-- Problem requirements --
Each line of the records is to be returned verbatim, with the images omitted.
___
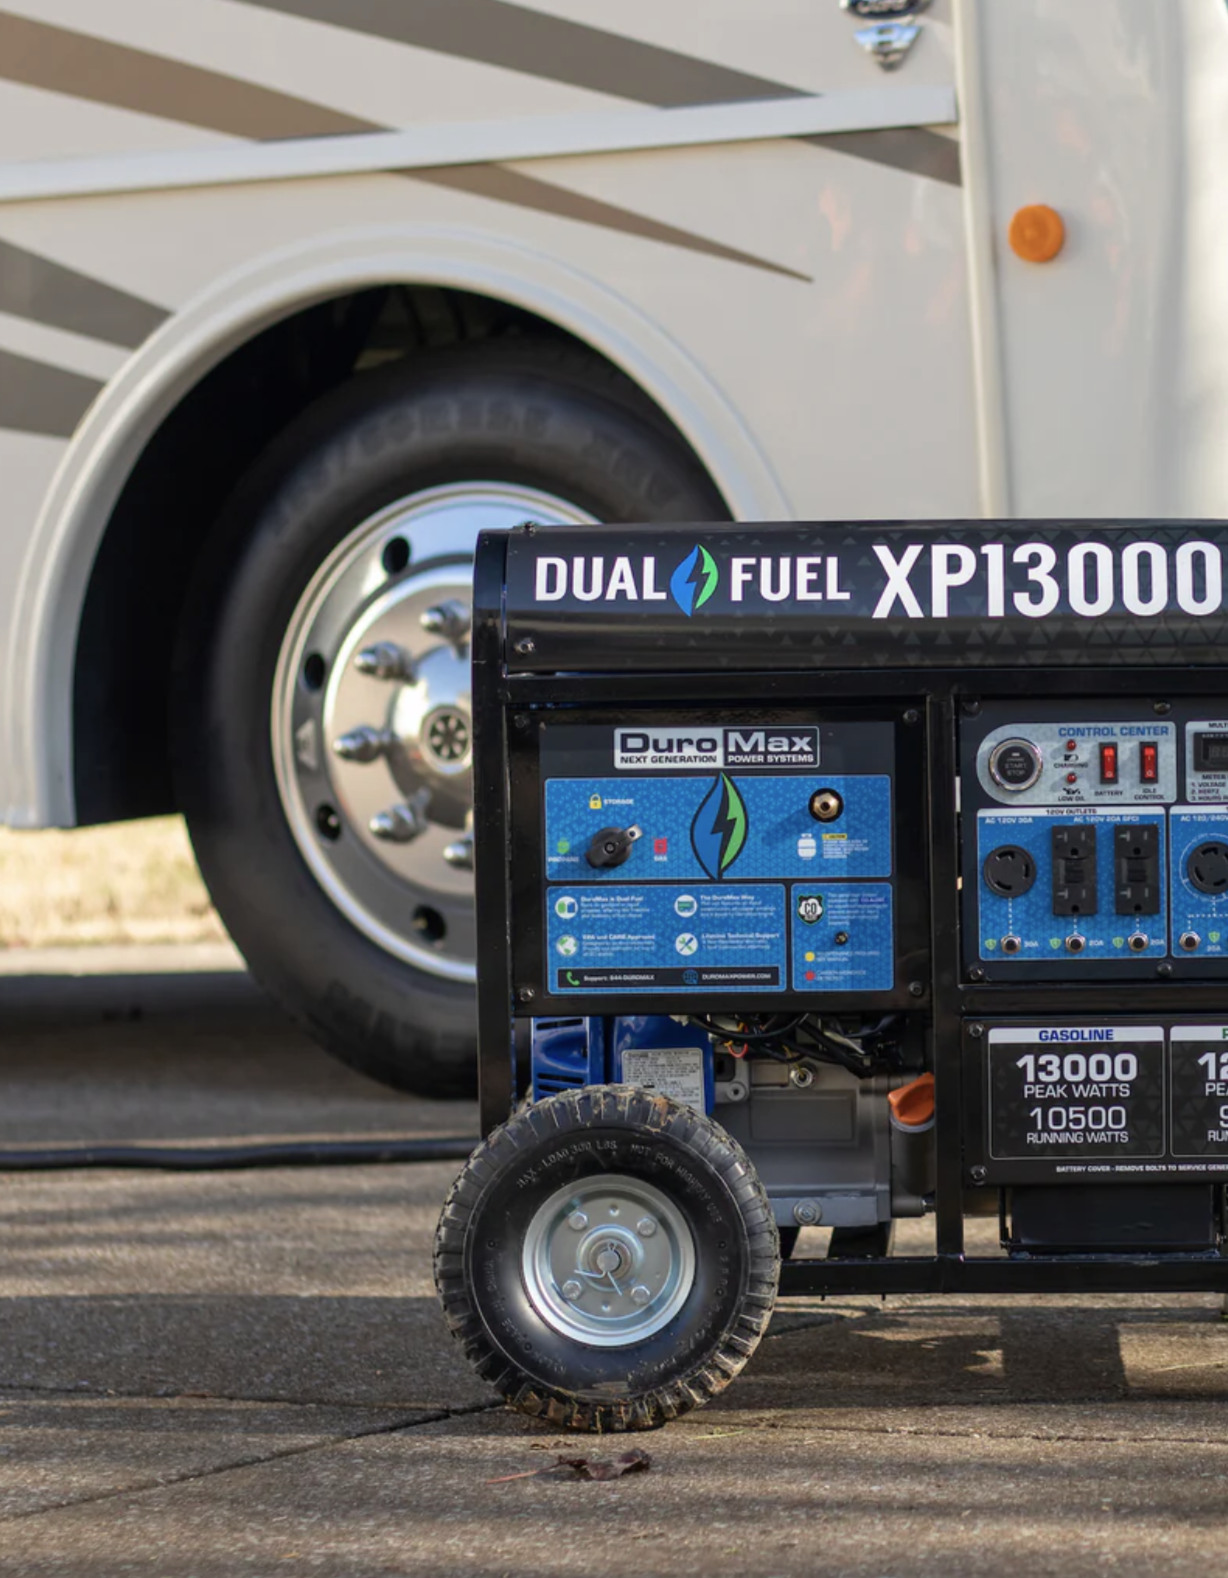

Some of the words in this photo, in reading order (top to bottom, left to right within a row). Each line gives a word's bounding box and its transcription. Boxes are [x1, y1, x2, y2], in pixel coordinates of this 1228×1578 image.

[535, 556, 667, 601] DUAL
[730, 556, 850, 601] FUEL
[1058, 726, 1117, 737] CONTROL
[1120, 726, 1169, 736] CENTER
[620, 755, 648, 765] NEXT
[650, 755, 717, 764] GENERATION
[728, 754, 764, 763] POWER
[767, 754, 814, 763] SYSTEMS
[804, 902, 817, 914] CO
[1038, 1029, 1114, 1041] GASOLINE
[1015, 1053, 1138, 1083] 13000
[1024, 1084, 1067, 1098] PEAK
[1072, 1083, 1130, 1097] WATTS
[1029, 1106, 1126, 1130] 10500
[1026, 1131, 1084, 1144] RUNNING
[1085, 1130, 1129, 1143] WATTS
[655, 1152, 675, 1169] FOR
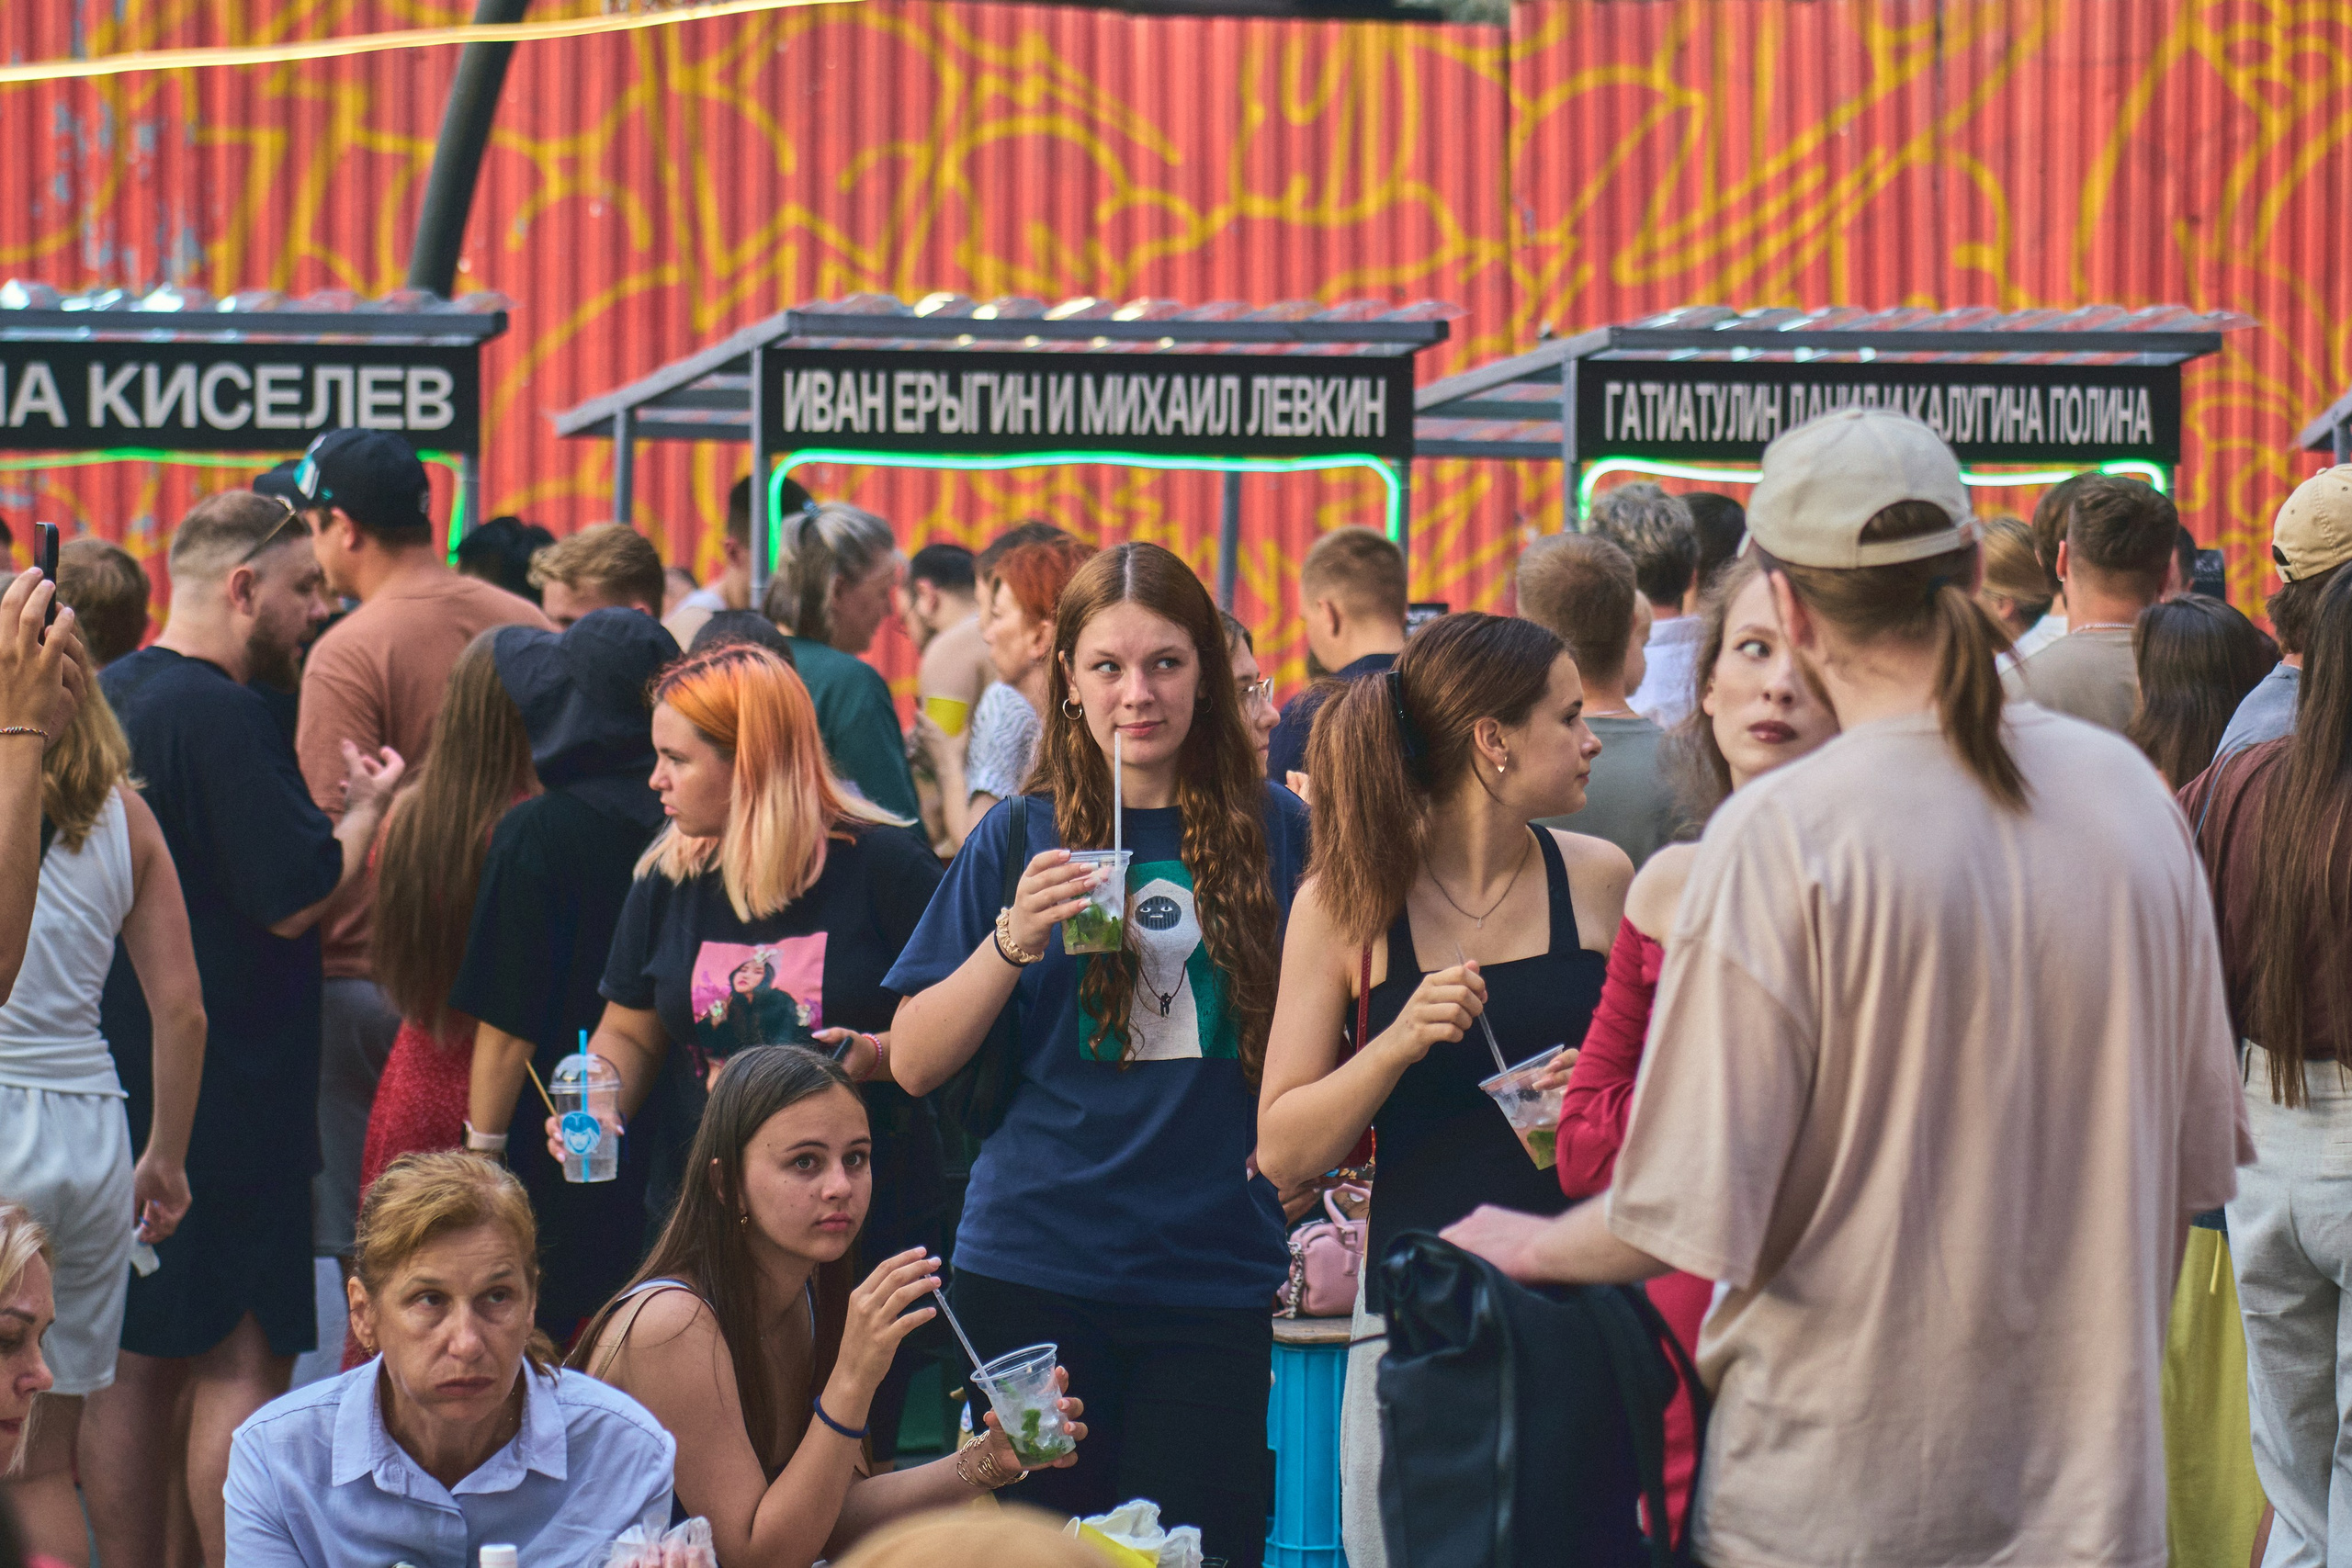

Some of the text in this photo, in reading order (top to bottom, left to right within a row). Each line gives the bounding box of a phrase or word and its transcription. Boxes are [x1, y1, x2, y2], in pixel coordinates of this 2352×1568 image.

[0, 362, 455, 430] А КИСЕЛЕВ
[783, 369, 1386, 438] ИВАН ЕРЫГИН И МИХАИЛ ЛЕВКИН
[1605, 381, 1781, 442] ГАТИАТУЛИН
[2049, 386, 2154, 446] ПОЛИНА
___
-- Response --
Some of the words in this photo, in reading order (top to bottom, left to right within a row). Each line gives a word's bounding box and its transcription. Boxes are [x1, y1, x2, y2], in pixel coordinates of this 1228×1578 image.

[535, 556, 667, 601] DUAL
[730, 556, 850, 601] FUEL
[1058, 726, 1117, 737] CONTROL
[1120, 726, 1169, 736] CENTER
[620, 755, 648, 765] NEXT
[650, 755, 717, 764] GENERATION
[728, 754, 764, 763] POWER
[767, 754, 814, 763] SYSTEMS
[804, 902, 817, 914] CO
[1038, 1029, 1114, 1041] GASOLINE
[1015, 1053, 1138, 1083] 13000
[1024, 1084, 1067, 1098] PEAK
[1072, 1083, 1130, 1097] WATTS
[1029, 1106, 1126, 1130] 10500
[1026, 1131, 1084, 1144] RUNNING
[1085, 1130, 1129, 1143] WATTS
[655, 1152, 675, 1169] FOR

Some of the text in this photo, in reading order (top to bottom, left to right within a row). Each line gives the bounding box of a phrase or word and its transcription. Boxes are [x1, y1, x2, y2], in pixel coordinates of this 2352×1568 image.

[0, 362, 455, 430] А КИСЕЛЕВ
[783, 369, 1386, 438] ИВАН ЕРЫГИН И МИХАИЛ ЛЕВКИН
[1605, 381, 1781, 442] ГАТИАТУЛИН
[2049, 386, 2154, 446] ПОЛИНА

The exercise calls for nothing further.